**Work item**:
After finding the line containing "this 1500×1000 image." below, please output that line and each following one through the line containing "this 1600×1066 image.", exactly as written.

**Material shown**:
■ ■ ■ ■ ■ ■ ■
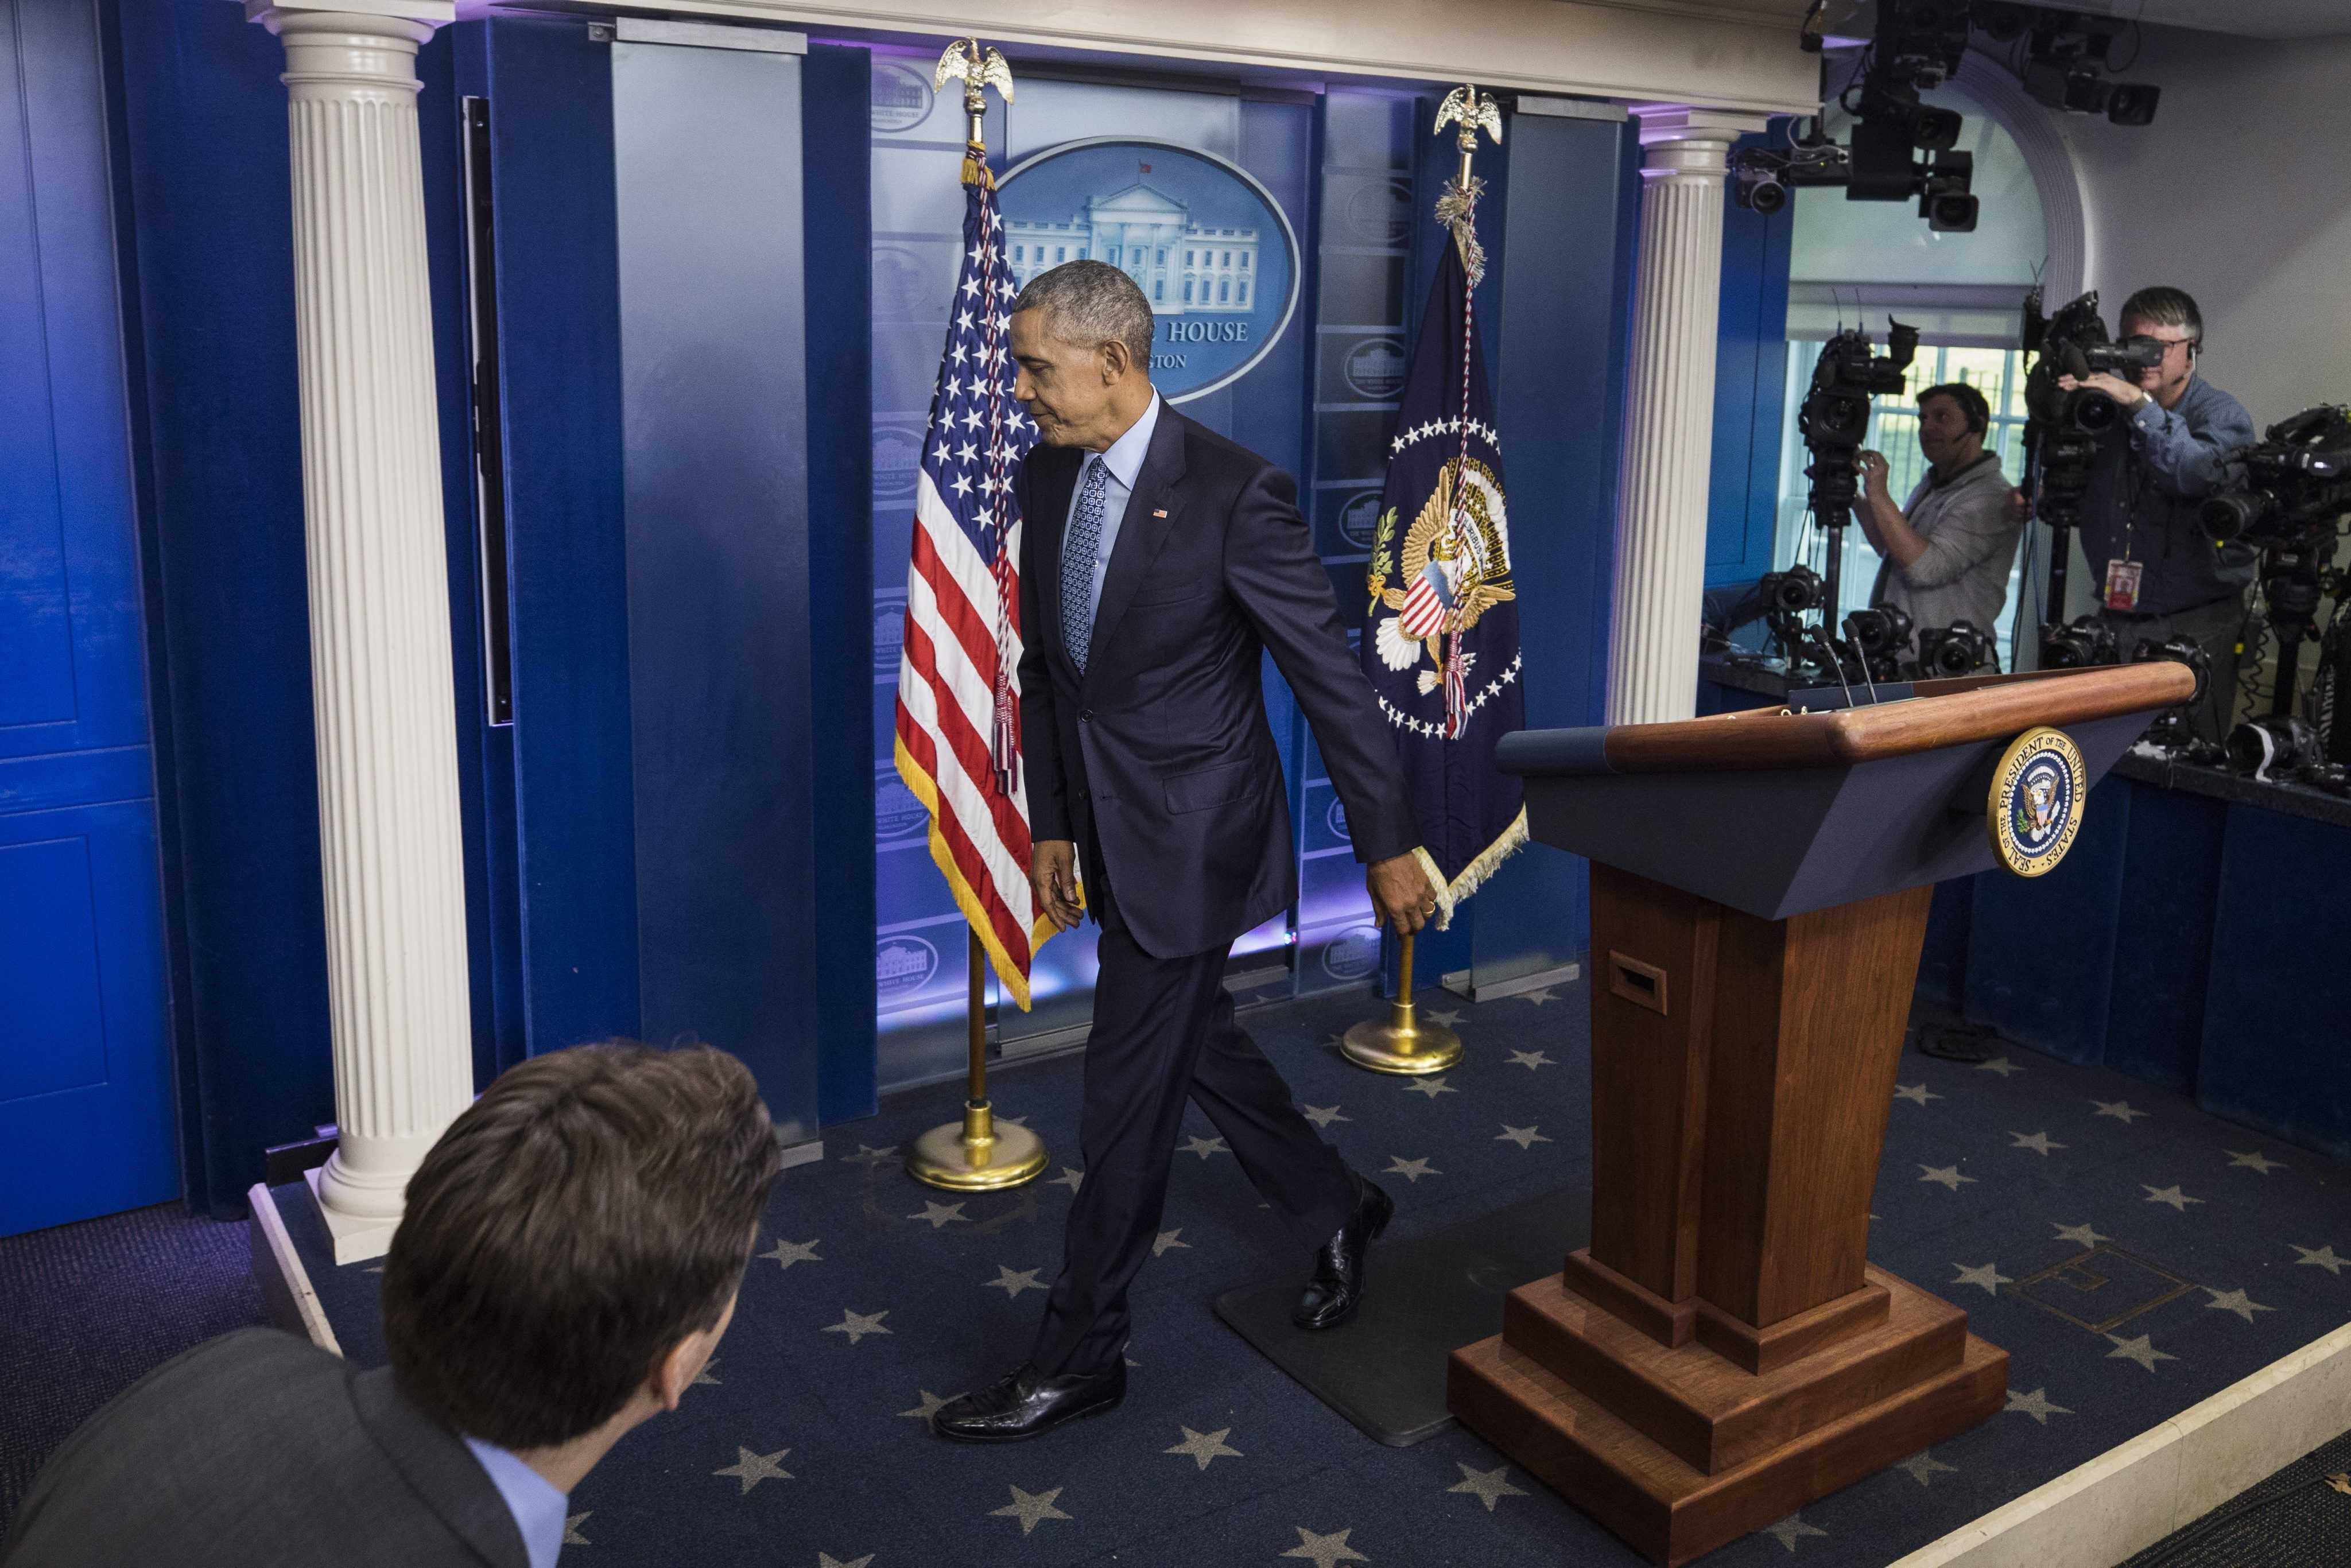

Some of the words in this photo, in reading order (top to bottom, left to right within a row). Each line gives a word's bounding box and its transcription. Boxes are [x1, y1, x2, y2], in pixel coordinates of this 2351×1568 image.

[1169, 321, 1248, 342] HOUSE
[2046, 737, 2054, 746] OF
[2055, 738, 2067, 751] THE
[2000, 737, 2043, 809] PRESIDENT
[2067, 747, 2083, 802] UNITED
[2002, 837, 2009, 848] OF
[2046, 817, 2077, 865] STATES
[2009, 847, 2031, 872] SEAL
■ ■ ■ ■ ■ ■ ■
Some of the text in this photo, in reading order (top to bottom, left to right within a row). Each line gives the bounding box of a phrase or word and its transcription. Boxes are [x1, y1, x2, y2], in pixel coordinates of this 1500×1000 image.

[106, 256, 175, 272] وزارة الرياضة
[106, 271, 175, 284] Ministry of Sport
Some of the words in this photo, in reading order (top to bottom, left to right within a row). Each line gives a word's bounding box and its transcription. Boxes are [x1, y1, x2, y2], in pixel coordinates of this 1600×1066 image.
■ ■ ■ ■ ■ ■ ■
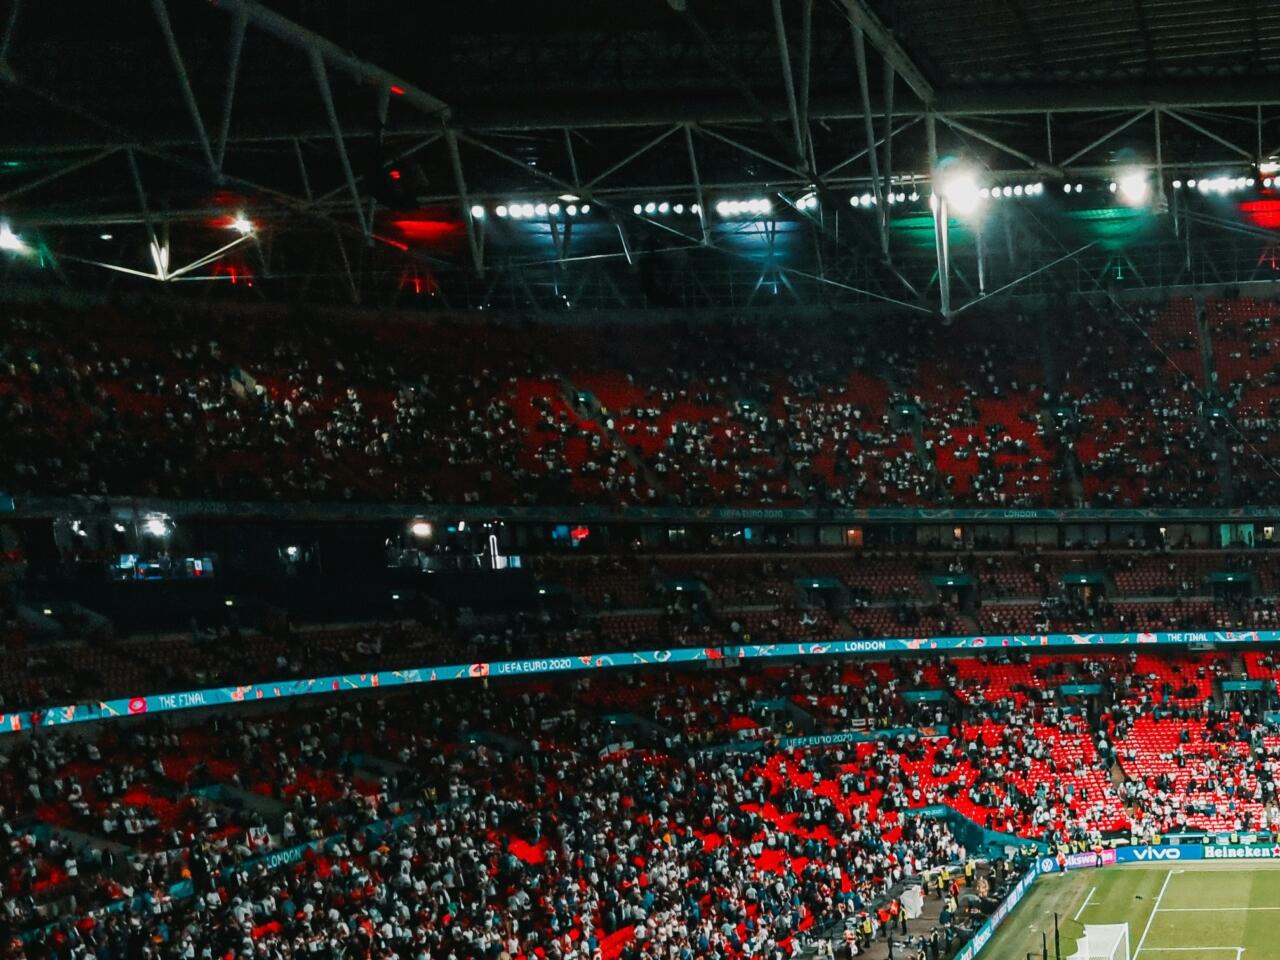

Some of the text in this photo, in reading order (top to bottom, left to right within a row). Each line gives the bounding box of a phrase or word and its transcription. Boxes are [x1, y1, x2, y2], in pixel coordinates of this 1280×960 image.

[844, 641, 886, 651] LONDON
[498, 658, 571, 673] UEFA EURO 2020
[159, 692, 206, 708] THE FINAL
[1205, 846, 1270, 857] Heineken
■ ■ ■ ■ ■ ■ ■
**Finished exercise**:
Some of the text in this photo, in reading order (top to bottom, left to right within a row). Each line gives the bounding box of a phrase or word and its transcription. Boxes are [x1, y1, x2, y2], in pixel coordinates of this 1500×1000 image.

[106, 256, 175, 272] وزارة الرياضة
[106, 271, 175, 284] Ministry of Sport
Some of the words in this photo, in reading order (top to bottom, left to right within a row). Each line gives a word's bounding box and its transcription. Boxes are [x1, y1, x2, y2], in pixel coordinates of this 1600×1066 image.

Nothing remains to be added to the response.